Le réchauffement climatique provoque des changements physiques dans le corps des animaux

Le Réchauffement Climatique Provoque Des Changements Physiques Dans Le Corps

Une nouvelle étude a révélé que la plupart des animaux présentaient des changements physiques en réponse au réchauffement climatique. Littéralement : des oiseaux au bec plus gros, des mammifères avec des oreilles et des pattes plus évidentes ont été signalés par des scientifiques, qui indiquent que l’augmentation de la température de la Terre est un catalyseur de ces changements corporels.

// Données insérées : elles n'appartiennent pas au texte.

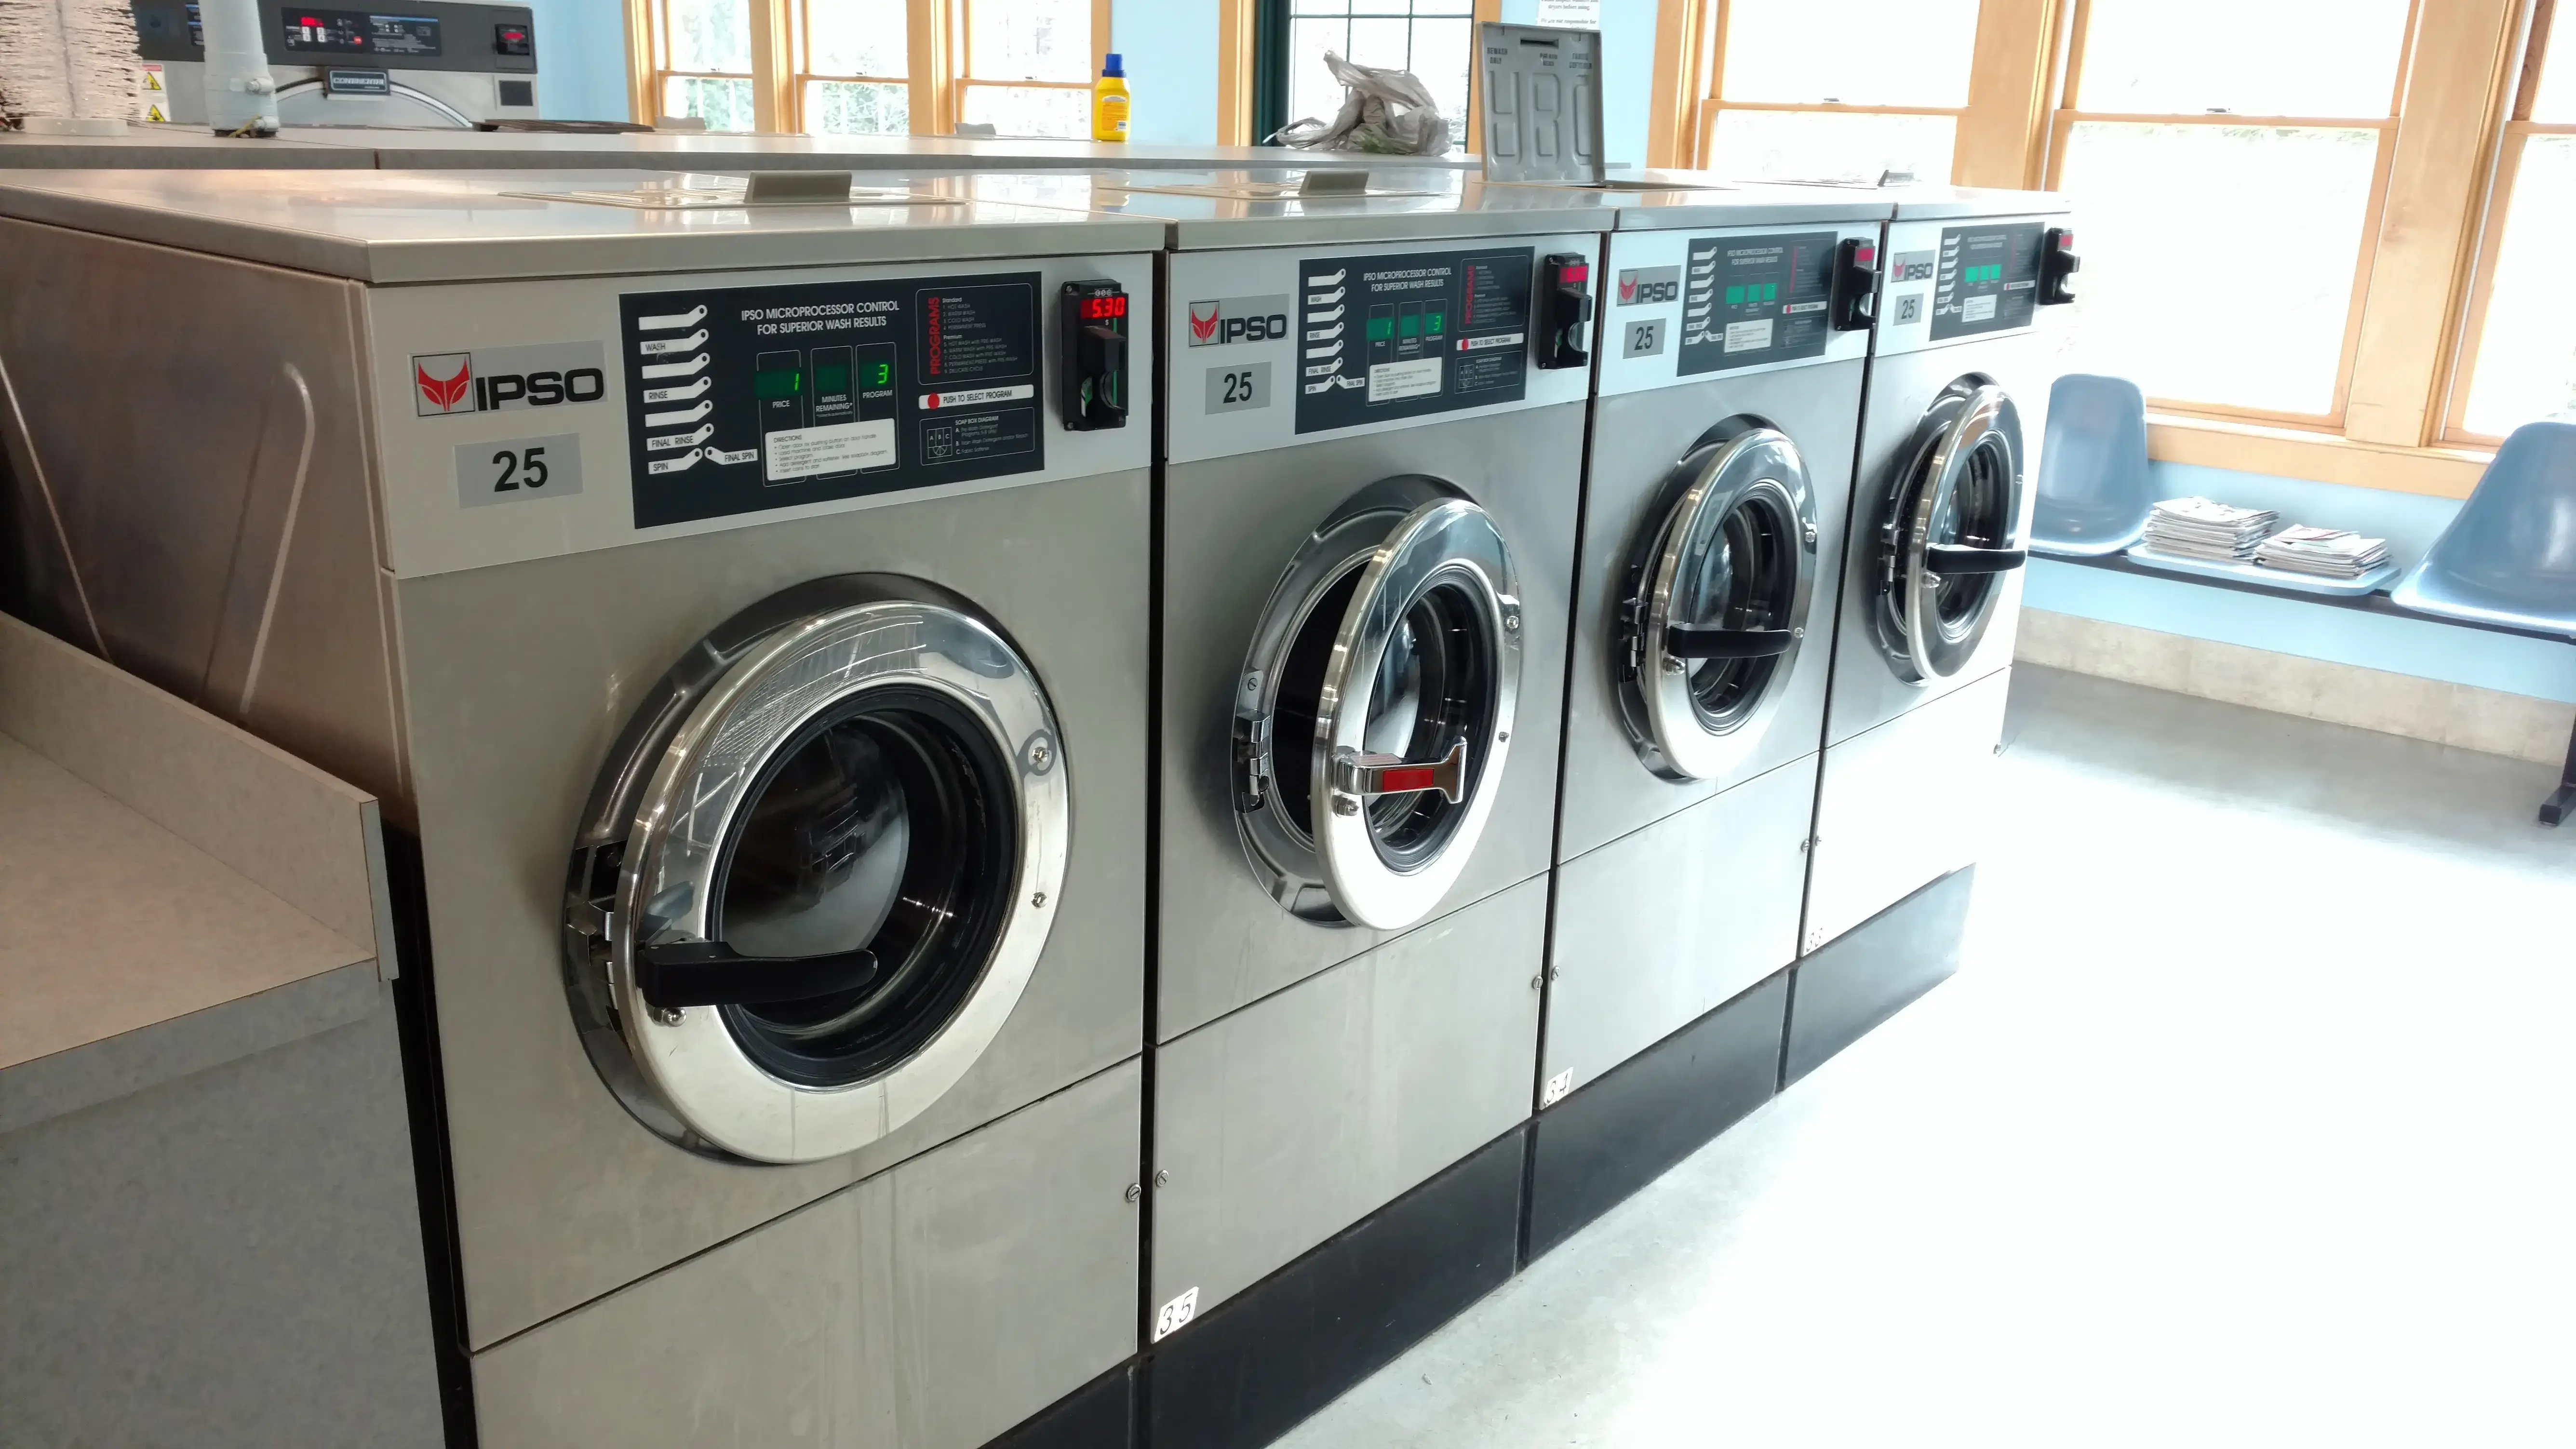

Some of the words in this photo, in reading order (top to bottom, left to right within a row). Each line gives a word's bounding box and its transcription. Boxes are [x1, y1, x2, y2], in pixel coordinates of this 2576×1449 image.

Les oiseaux, selon la chercheuse Sara Ryding, de l’Université de Deakin (Australie) sont les plus touchés : selon un papier qu’elle signe, certaines espèces de perroquets présentent des becs plus gros – entre 4 % et 10 % – depuis 1871.

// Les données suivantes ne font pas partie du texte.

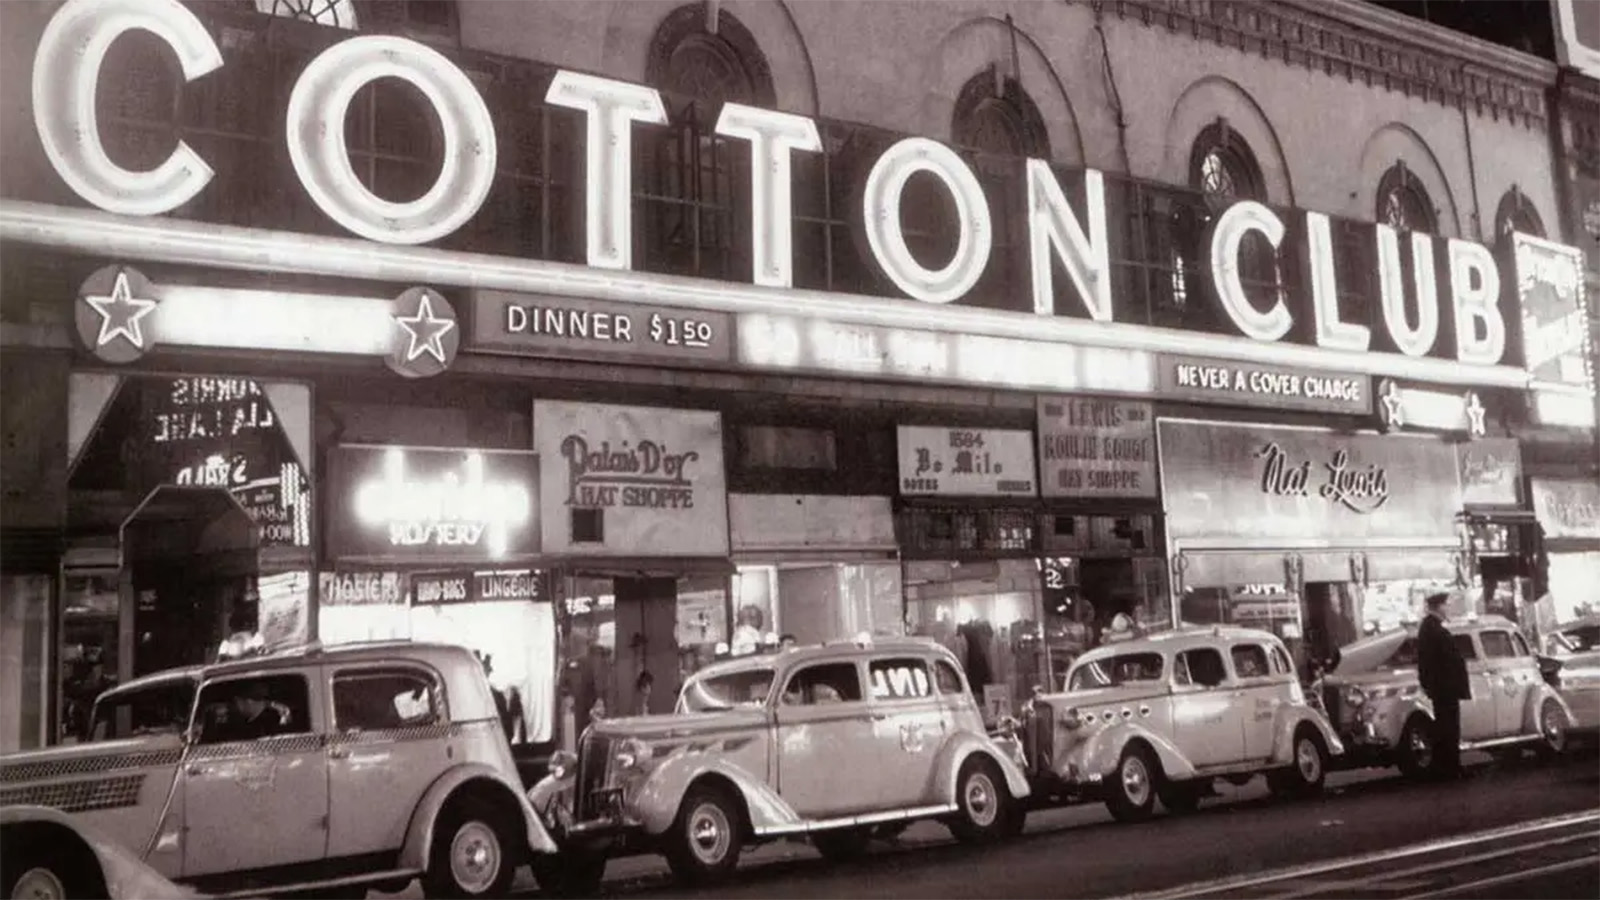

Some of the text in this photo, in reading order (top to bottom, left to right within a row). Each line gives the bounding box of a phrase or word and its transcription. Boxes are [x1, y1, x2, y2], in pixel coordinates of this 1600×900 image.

[31, 0, 1505, 364] COTTON CLUB
[507, 305, 631, 341] DINNER
[1177, 364, 1361, 400] NEVER A COVER CHARGE
[560, 434, 640, 505] Palais
[1253, 441, 1313, 497] Nat
[1318, 449, 1390, 514] Lewis
[580, 486, 694, 509] HAT SHOPPE
[481, 576, 539, 598] LINGERIE

L'image montre une chauve-souris à l'envers.  Des changements physiques chez cet animal et d'autres ont été identifiés dans une étude sur le réchauffement climatique
Les rongeurs, les perroquets et même les chauves-souris (photo) ont modifié leur corps pour mieux faire face au réchauffement climatique, mais les scientifiques soutiennent que ces changements pourraient ne pas être bénéfiques. Image : jekjob/

« Cela signifie que les animaux évoluent, mais cela n’indique pas nécessairement qu’ils s’améliorent avec le réchauffement climatique », a déclaré Ryding. « Nous pourrions voir que certaines espèces augmentent la taille des appendices, mais nous ne savons pas si ce rythme sera maintenu à mesure que la crise climatique s’aggrave. »

Tout en reconnaissant que les changements sont une représentation vivante de l’adaptation, Rydind dit que le ton est préoccupant : « Nous ne savons toujours pas si ces changements contribuent à la survie (c’est-à-dire que nous ne savons pas s’ils sont bénéfiques) ou non. Ce phénomène ne doit pas être vu comme quelque chose de positif, mais plutôt d’alarmant, car c’est le réchauffement climatique qui oblige les animaux à changer de cette façon, en très peu de temps ».

Règle d’Allen et changements chez les animaux

Dans les régions plus chaudes, comme les tropiques, les individus de diverses espèces ont tendance à avoir des appendices plus gros – bras, jambes, oreilles et toute autre partie « extérieure » ​​du corps, partant du principe qu’une surface plus grande permet un meilleur contrôle de la température. C’est ce qu’on appelle la « Règle d’Allen ».

Cependant, le parallèle est également réel, car la décentralisation de la température fait rétrécir la taille globale du corps – les corps plus petits retiennent moins de chaleur.

Un exemple : une étude récente a analysé plus de 70 000 oiseaux migrateurs aux États-Unis, couvrant un peu plus de 50 espèces différentes. La conclusion était une : au cours des 40 dernières années, leur envergure (distance d’une aile à l’autre) a augmenté, mais le corps au milieu a diminué.

Ryding dit que l’étude sert de preuve que les animaux réagissent littéralement au réchauffement climatique, en modifiant leur corps pour mieux gérer la chaleur. Selon elle, bien que cela soit plus évident chez les oiseaux, certains rongeurs et chauves-souris ont également augmenté la taille relative de leurs oreilles, causes, pattes et ailes.

«Des études antérieures ont montré des cas où des changements physiques ont eu lieu, mais elles se sont concentrées sur des groupes individuels ou des espèces spécifiques. Notre article combine toutes les données des recherches précédentes pour montrer à quel point cette situation est répandue », a déclaré Ryding.